| What to produce |
To complete this task, print all the data below exactly but leave out the images.

━━━━━ Supplied records ━━━━━

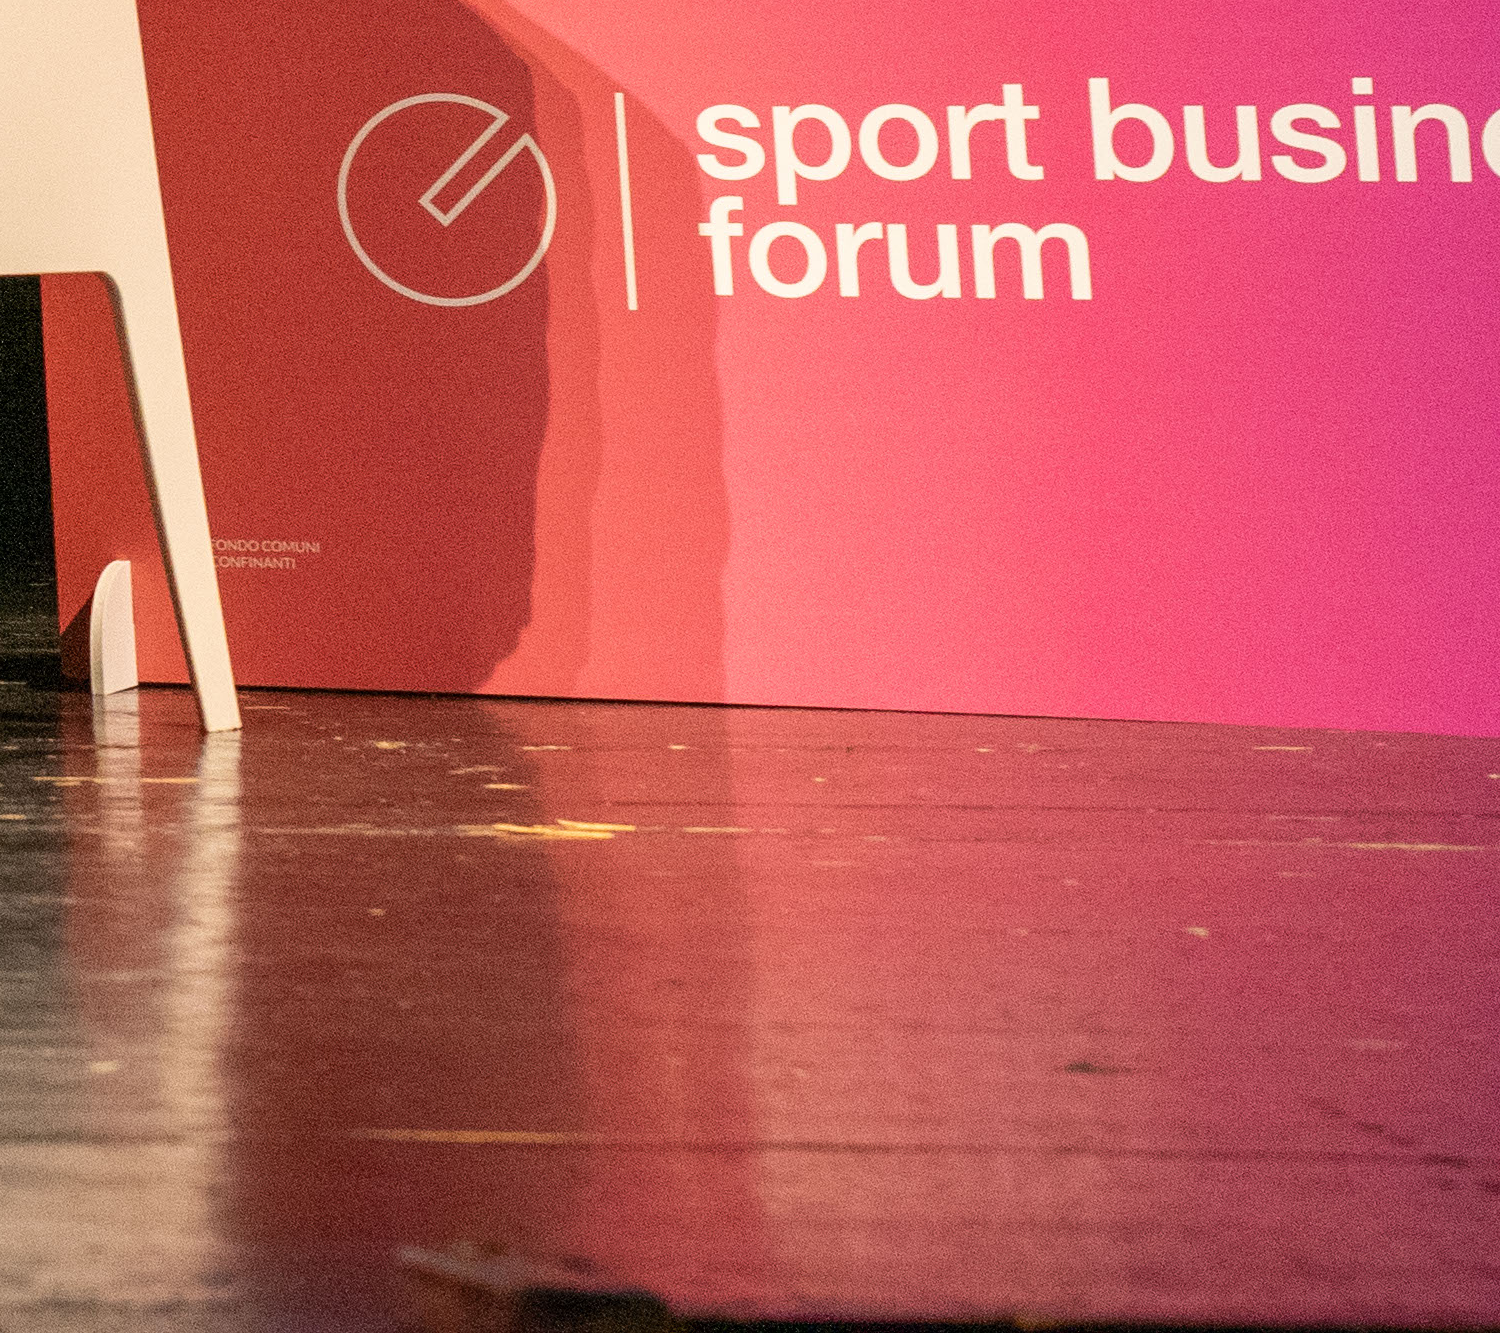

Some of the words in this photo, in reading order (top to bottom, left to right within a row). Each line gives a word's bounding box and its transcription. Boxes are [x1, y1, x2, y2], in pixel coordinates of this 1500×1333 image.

[696, 83, 1044, 205] sport
[699, 196, 1093, 300] forum
[262, 540, 320, 553] COMUNI
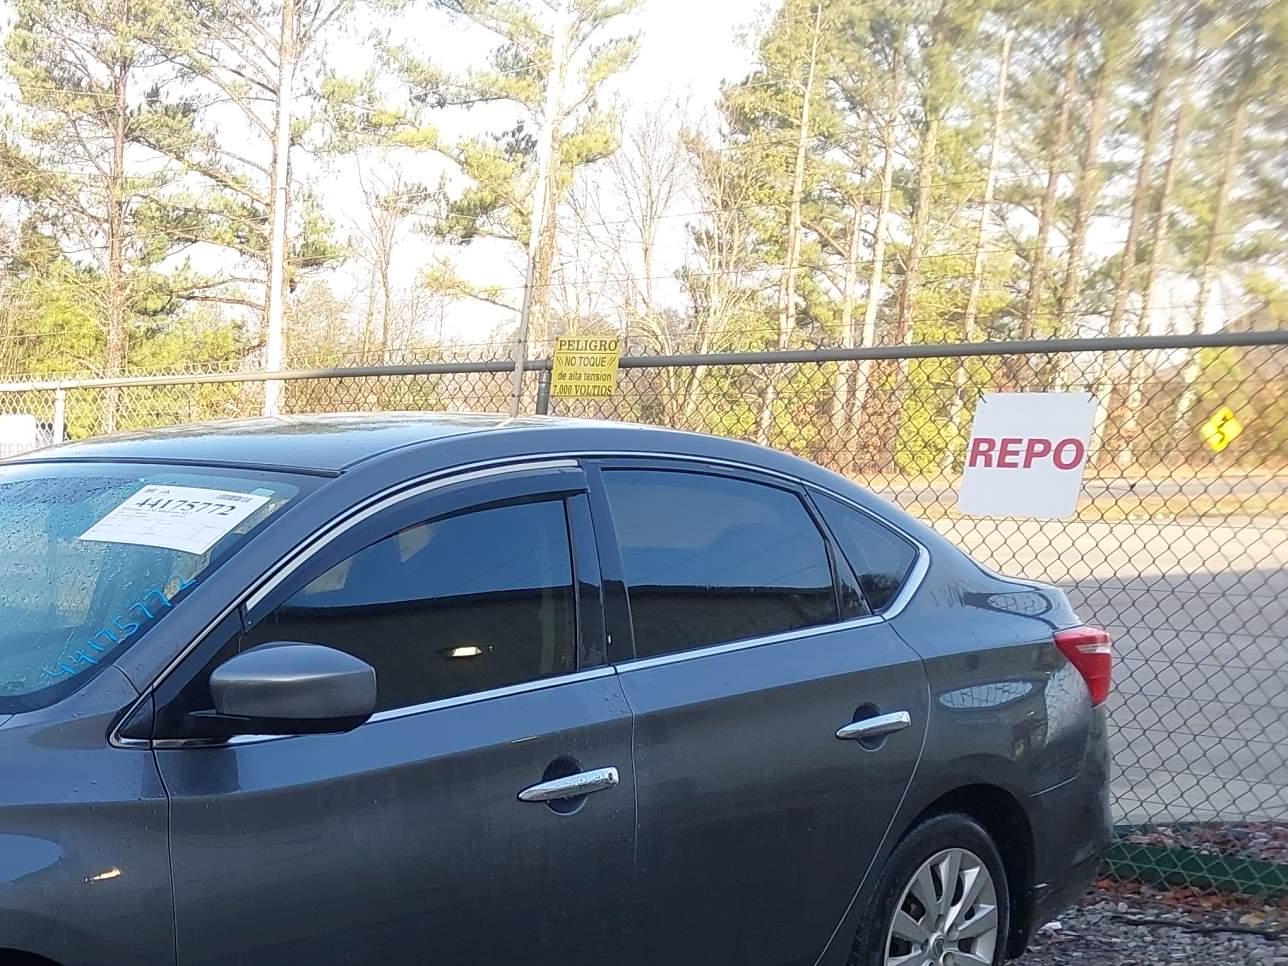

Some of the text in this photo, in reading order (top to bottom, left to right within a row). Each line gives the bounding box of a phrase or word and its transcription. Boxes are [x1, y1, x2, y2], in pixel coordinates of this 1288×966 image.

[558, 339, 618, 352] PELIGRO
[564, 356, 607, 367] NO TOQUE
[557, 371, 567, 381] de
[568, 371, 582, 381] alta
[574, 384, 613, 397] VOLTIOS
[968, 437, 1085, 470] REPO
[135, 497, 237, 516] 44175772
[45, 574, 197, 677] 44175772
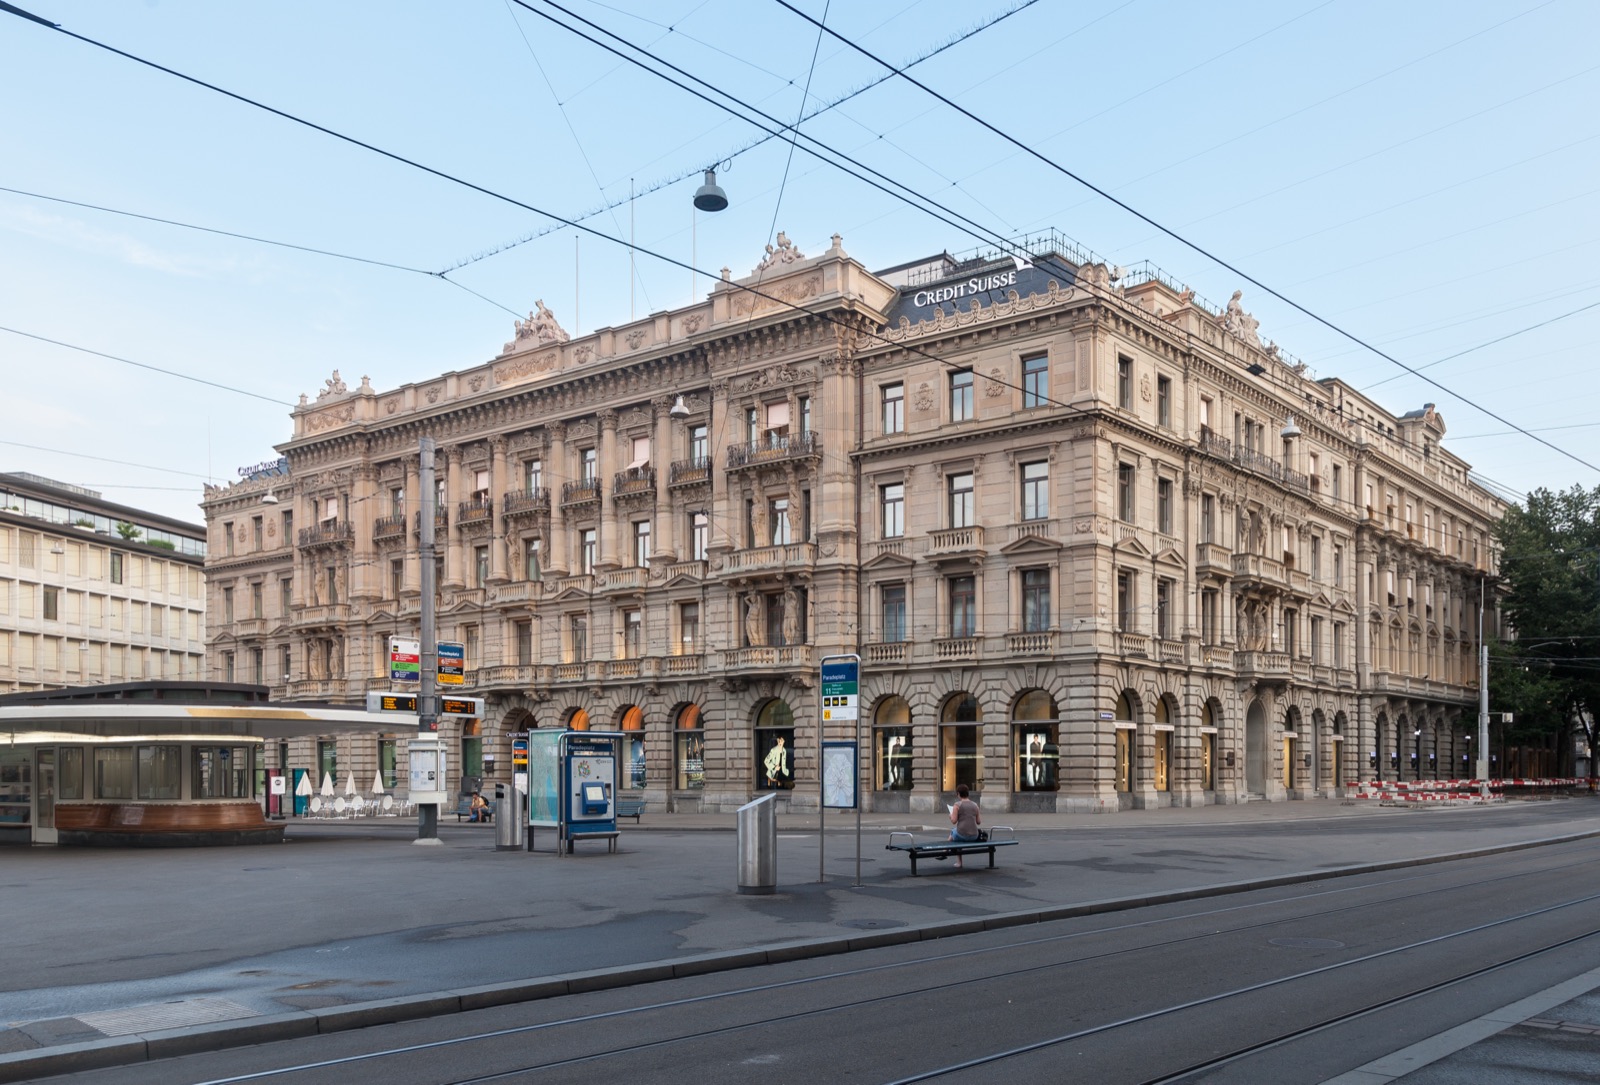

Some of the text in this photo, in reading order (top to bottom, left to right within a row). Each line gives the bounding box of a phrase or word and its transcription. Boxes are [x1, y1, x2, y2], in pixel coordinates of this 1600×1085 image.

[914, 271, 1017, 307] CREDIT SUISSE
[825, 711, 830, 719] 21
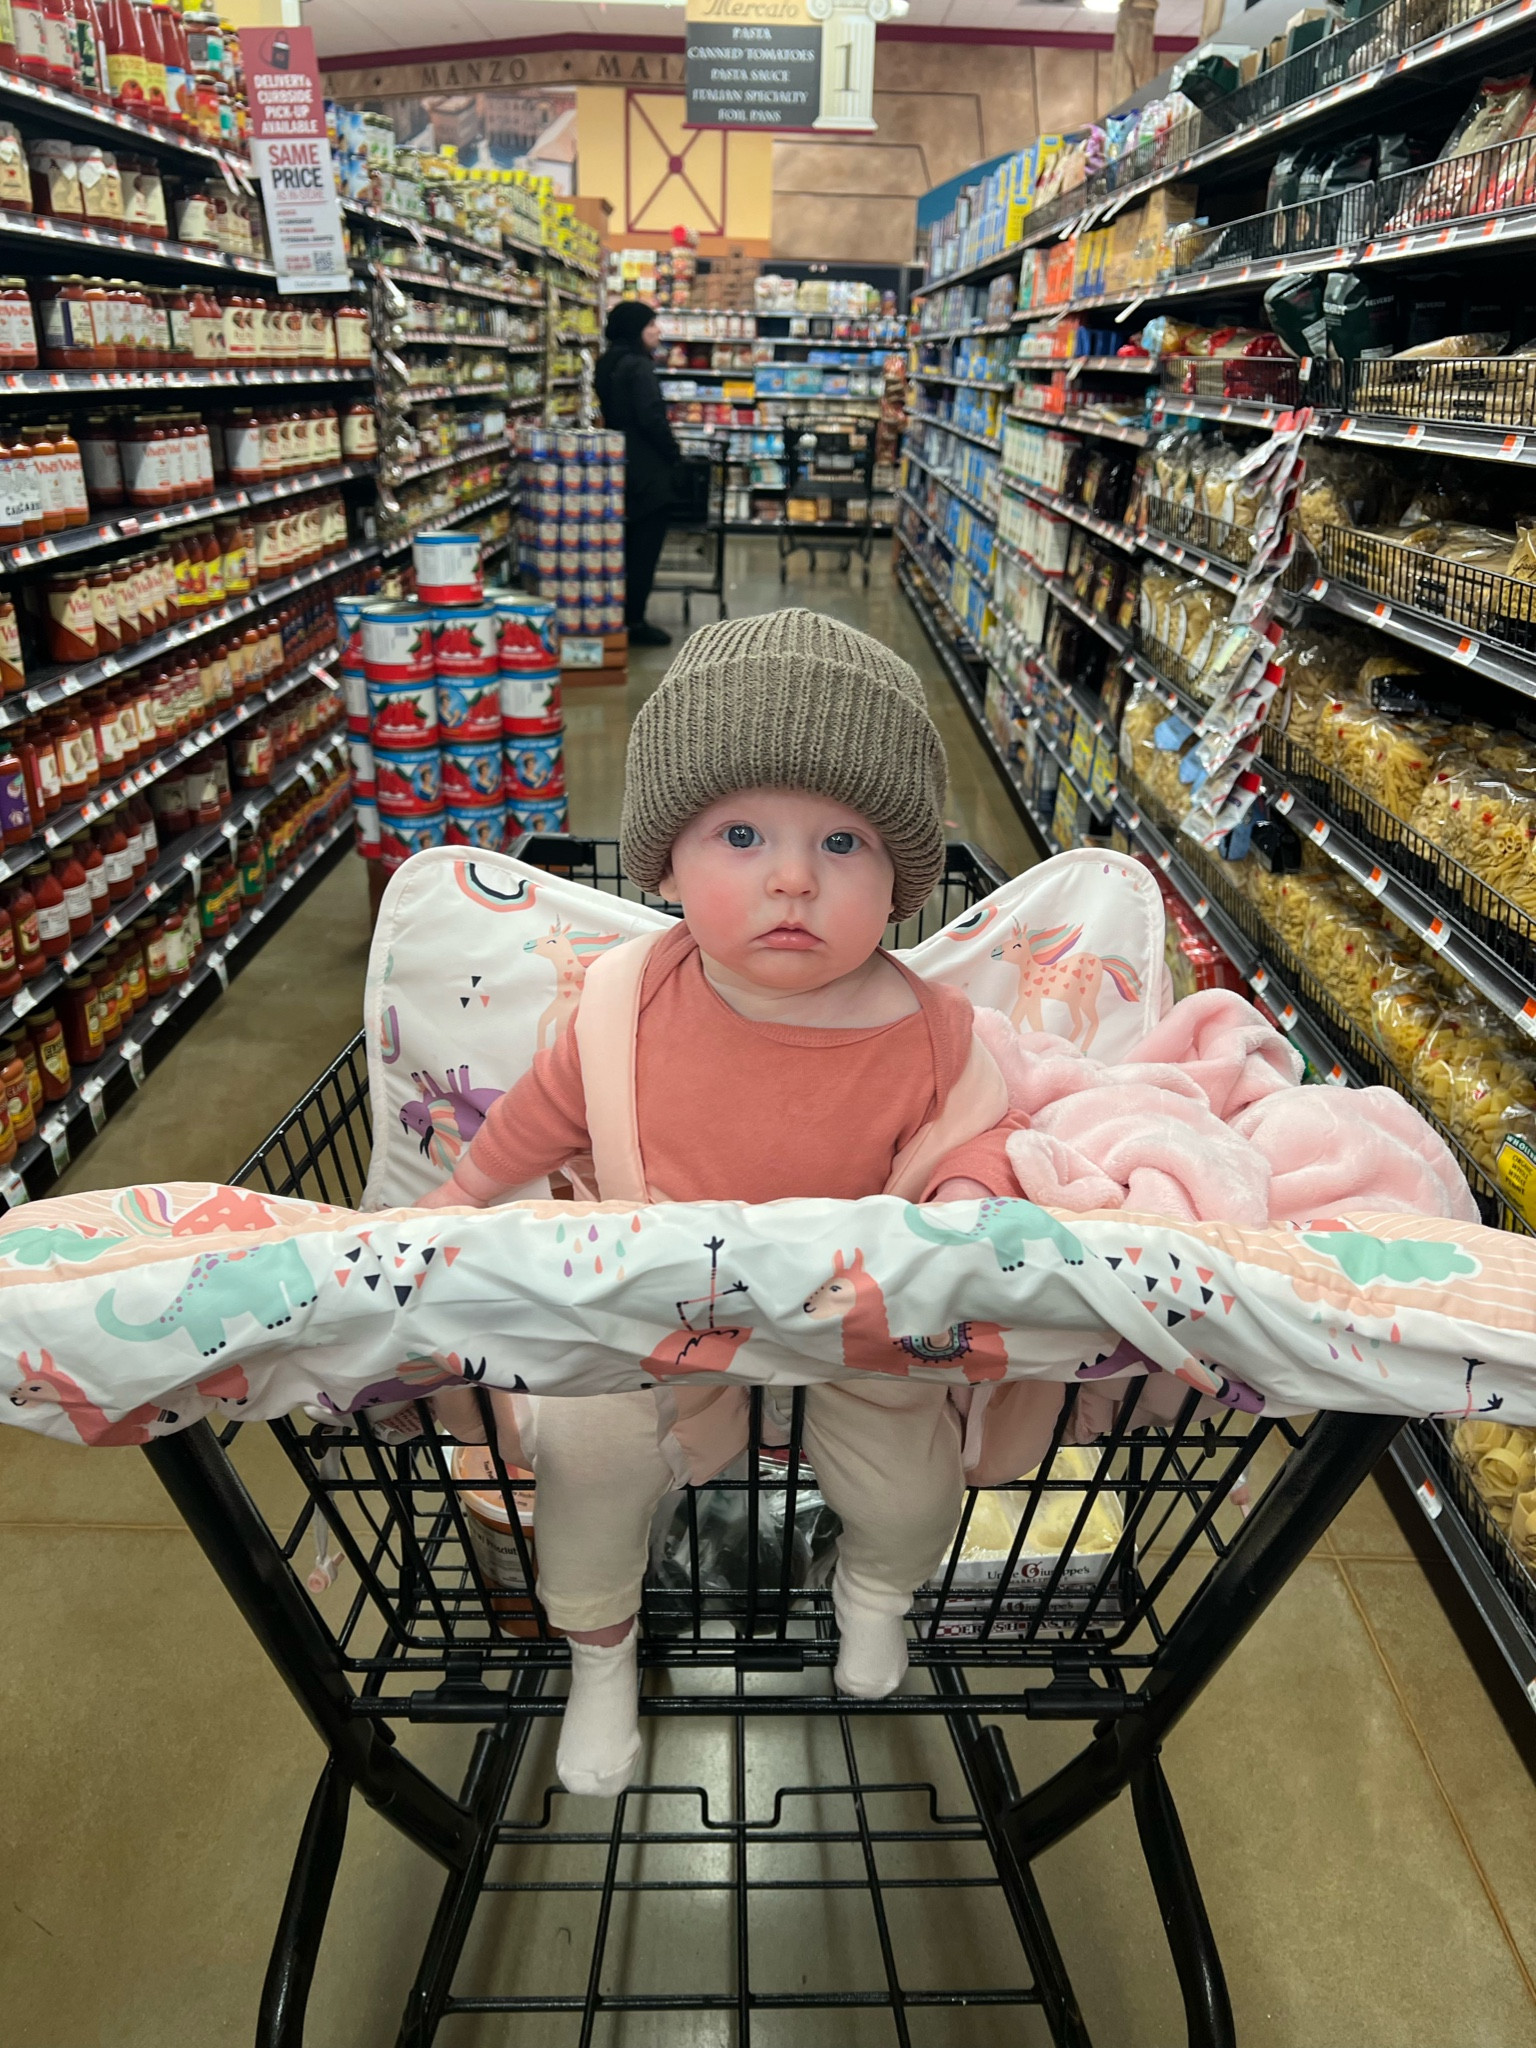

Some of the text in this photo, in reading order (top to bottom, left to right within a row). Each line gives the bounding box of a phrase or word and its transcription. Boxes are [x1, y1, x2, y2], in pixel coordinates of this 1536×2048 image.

[704, 0, 799, 18] Mercato
[732, 27, 772, 40] PASTA
[687, 46, 815, 62] CANNED TOMATOES
[421, 58, 528, 87] MANZO
[711, 68, 790, 82] PASTA SAUCE
[834, 43, 860, 92] 1
[253, 74, 305, 89] DELIVERY
[257, 89, 314, 104] CURBSIDE
[692, 88, 809, 104] ITALIAN SPECIALTY
[264, 105, 310, 119] PICK-UP
[718, 108, 781, 123] FOIL PANS
[261, 119, 319, 135] AVAILABLE
[269, 144, 321, 166] SAME
[272, 167, 324, 188] PRICE
[962, 1621, 1018, 1636] FRSH

━━━━━

| Expected answer |
Some of the words in this photo, in reading order (top to bottom, left to right within a row). Each line gives a word's bounding box and its transcription. Boxes are [x1, y1, x2, y2], in pixel coordinates of this 1500×1333 image.

[696, 83, 1044, 205] sport
[699, 196, 1093, 300] forum
[262, 540, 320, 553] COMUNI

Some of the text in this photo, in reading order (top to bottom, left to right within a row). Each line gives the bounding box of a phrase or word and its transcription. Boxes are [x1, y1, x2, y2], in pixel coordinates of this 1288×966 image.

[558, 339, 618, 352] PELIGRO
[564, 356, 607, 367] NO TOQUE
[557, 371, 567, 381] de
[568, 371, 582, 381] alta
[574, 384, 613, 397] VOLTIOS
[968, 437, 1085, 470] REPO
[135, 497, 237, 516] 44175772
[45, 574, 197, 677] 44175772

Some of the text in this photo, in reading order (top to bottom, left to right within a row). Each line gives the bounding box of a phrase or word and its transcription. Boxes are [x1, y1, x2, y2], in pixel coordinates of this 1600×1085 image.

[914, 271, 1017, 307] CREDIT SUISSE
[825, 711, 830, 719] 21

Some of the text in this photo, in reading order (top to bottom, left to right within a row). Each line gives the bounding box of a phrase or word and its transcription. Boxes are [x1, y1, x2, y2], in pixel coordinates of this 1536×2048 image.

[704, 0, 799, 18] Mercato
[732, 27, 772, 40] PASTA
[687, 46, 815, 62] CANNED TOMATOES
[421, 58, 528, 87] MANZO
[711, 68, 790, 82] PASTA SAUCE
[834, 43, 860, 92] 1
[253, 74, 305, 89] DELIVERY
[257, 89, 314, 104] CURBSIDE
[692, 88, 809, 104] ITALIAN SPECIALTY
[264, 105, 310, 119] PICK-UP
[718, 108, 781, 123] FOIL PANS
[261, 119, 319, 135] AVAILABLE
[269, 144, 321, 166] SAME
[272, 167, 324, 188] PRICE
[962, 1621, 1018, 1636] FRSH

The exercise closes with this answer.